Ular tersebut sudah mulai memakan beberapa desa dan kota. Tatapannya yang dingin, tak bernyawa, dan merah seperti ular tertuju pada mangsa baru—kota Dursen, wilayah kekuasaan Viscount Rancard. Saat ini, orang-orang berpengaruh di Dursen sedang mengadakan pertemuan yang akan menentukan nasib kota mereka.
Mereka semua berkumpul di aula kediaman walikota, yang dibangun di tengah kota. Orang-orang yang hadir adalah orang-orang seperti ketua guild, manajer bank, dan kepala perusahaan. Tidak diragukan lagi, banyak di antara mereka adalah rakyat jelata dalam hal sistem kelas, bahkan jika mereka hampir menjadi bangsawan dalam hal kekuasaan dan kekayaan.
Ekspresi wajah mereka biasanya bermartabat, karena ke mana pun mereka pergi, mereka tahu bahwa mereka adalah orang-orang paling berkuasa di Dursen. Namun kali ini, tidak ada bayangan kebanggaan dan harga diri mereka yang biasa, yang ada hanyalah keraguan dan kesusahan saat menghadapi pertanyaan tanpa jawaban yang benar.
“Jadi apa yang akan kita lakukan?” gerutu Walikota, yang mengatur pertemuan itu, sambil melihat sekeliling ruangan.
Jika terus begini, orang-orang yang berkumpul tidak akan menghasilkan apa-apa selain saling melotot dan menggeram. Jika mereka ingin mencapai kesimpulan, mereka perlu mendiskusikannya. Terlepas dari kelayakan suatu solusi, kelompok tersebut perlu menemukan sesuatu, jika tidak, diskusi mereka tidak akan dimulai.
Tak satu pun dari mereka mengatakan apa pun; tidak ada yang punya saran. Para peserta sepenuhnya mengetahui kesulitan yang dialami Dursen tetapi tidak dapat menemukan solusi ajaib yang dapat membalikkan keadaan dan menyelamatkan mereka dari teror ini.
Mereka semua ingin mengatakan sesuatu tentang situasi ini dan mungkin tidak memberikan saran yang bagus, tapi mereka semua tersiksa oleh kejadian saat ini.

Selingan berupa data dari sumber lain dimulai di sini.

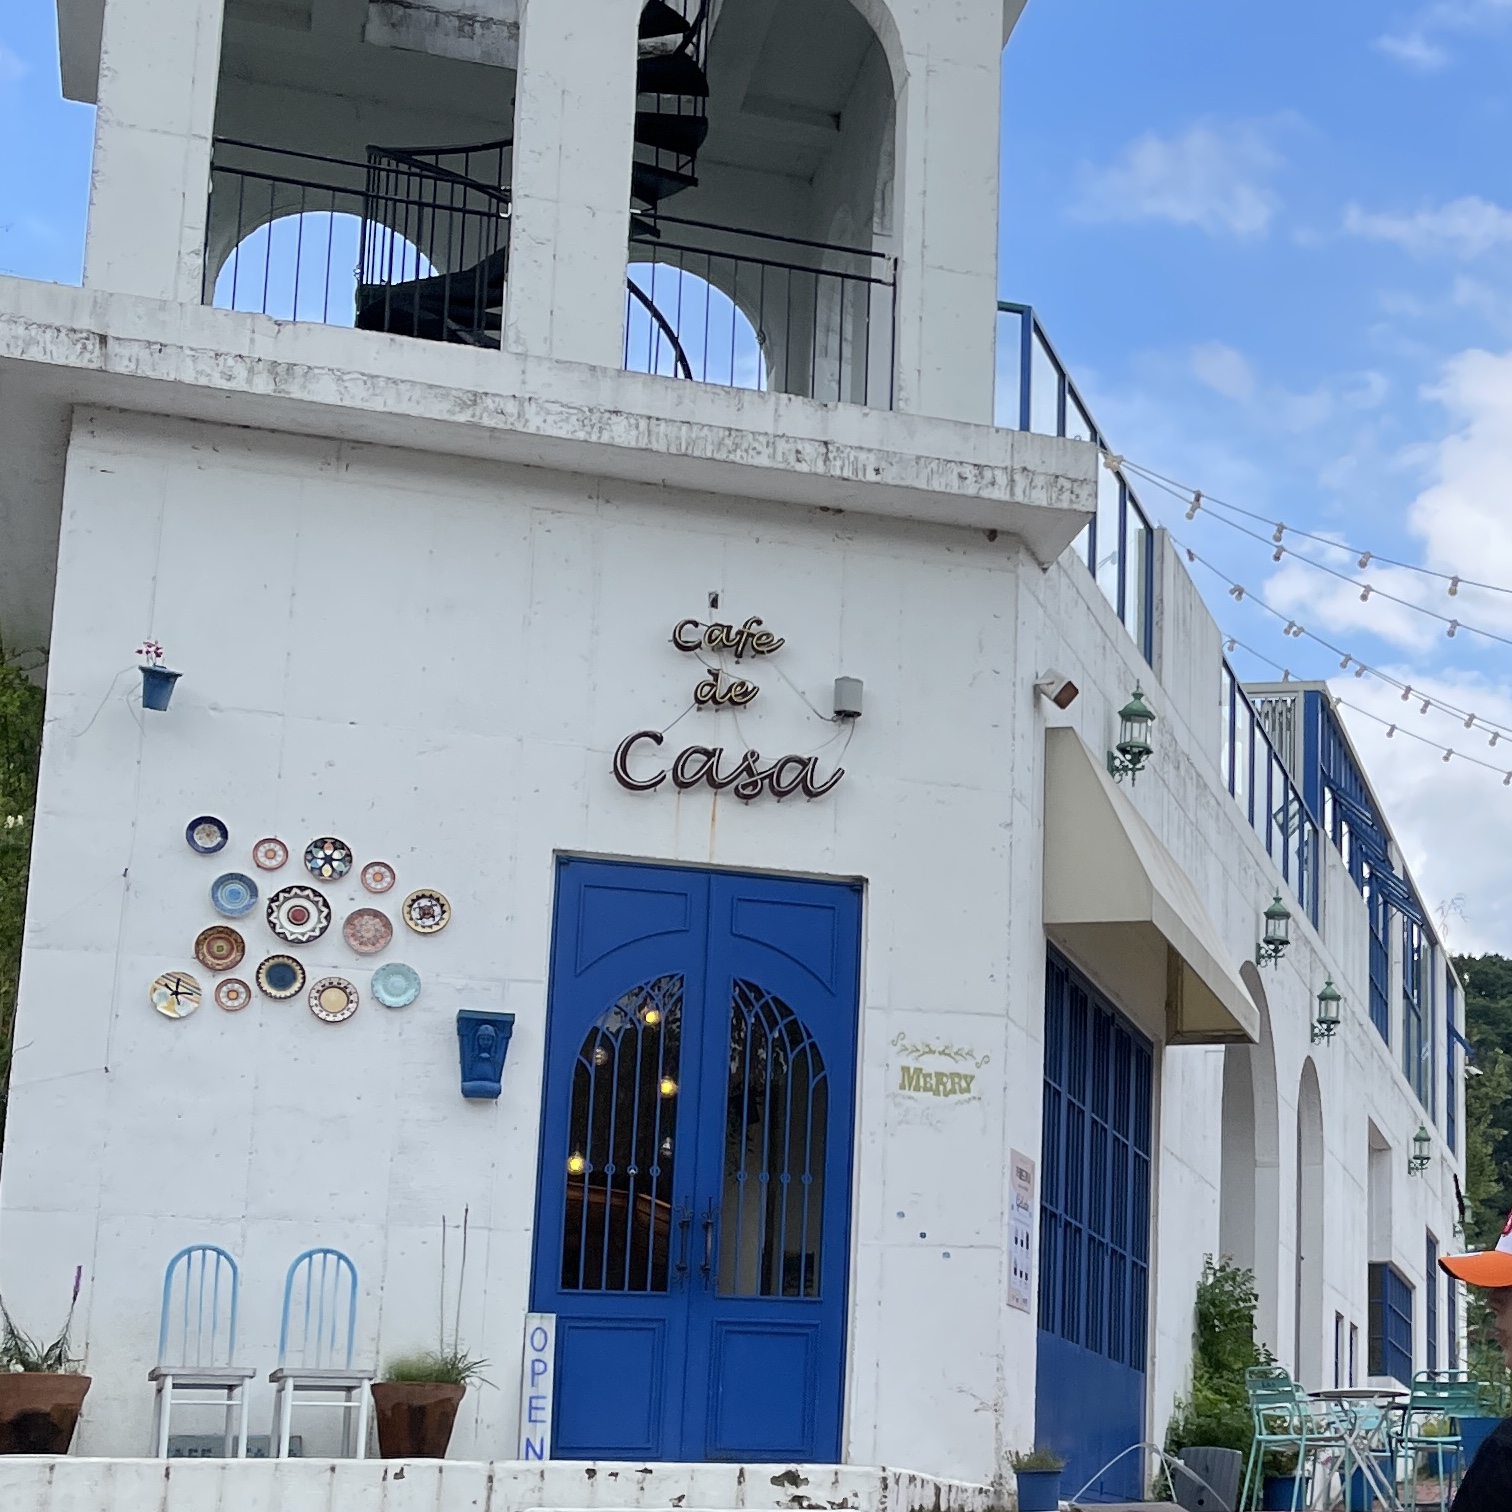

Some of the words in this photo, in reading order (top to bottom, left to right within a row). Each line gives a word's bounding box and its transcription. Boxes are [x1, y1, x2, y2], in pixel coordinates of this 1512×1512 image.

Tentu saja, mereka tahu lebih baik untuk tidak mengungkapkan kemarahan dan frustrasi yang mereka rasakan karena saat mereka mengungkapkannya dengan lantang, emosi mereka tidak akan bisa dihentikan. Jika mereka membuat keputusan berdasarkan perasaan yang berkecamuk, mereka bisa menghapus kota mereka dari peta. Ketakutan itu menahan mereka, dan Walikota dapat melihatnya.
Lagipula, kita akan melawan Iblis Heraklion dan pasukannya , pikir walikota.
Pasukan itu berhasil mengalahkan pasukan penakluk di utara, yang memiliki lebih dari dua ratus ribu tentara, dan menjadi seekor ular beludak raksasa yang mengancam akan menghabisi seluruh kerajaan. Tidak ada satu orang pun yang bisa tetap tenang menghadapi ancaman sebesar itu.
Namun bukan berarti mereka hanya bisa duduk diam dan menunggu.
“Kami tidak akan pernah mencapai kesimpulan jika Anda hanya menahan lidah,” kata Walikota akhirnya.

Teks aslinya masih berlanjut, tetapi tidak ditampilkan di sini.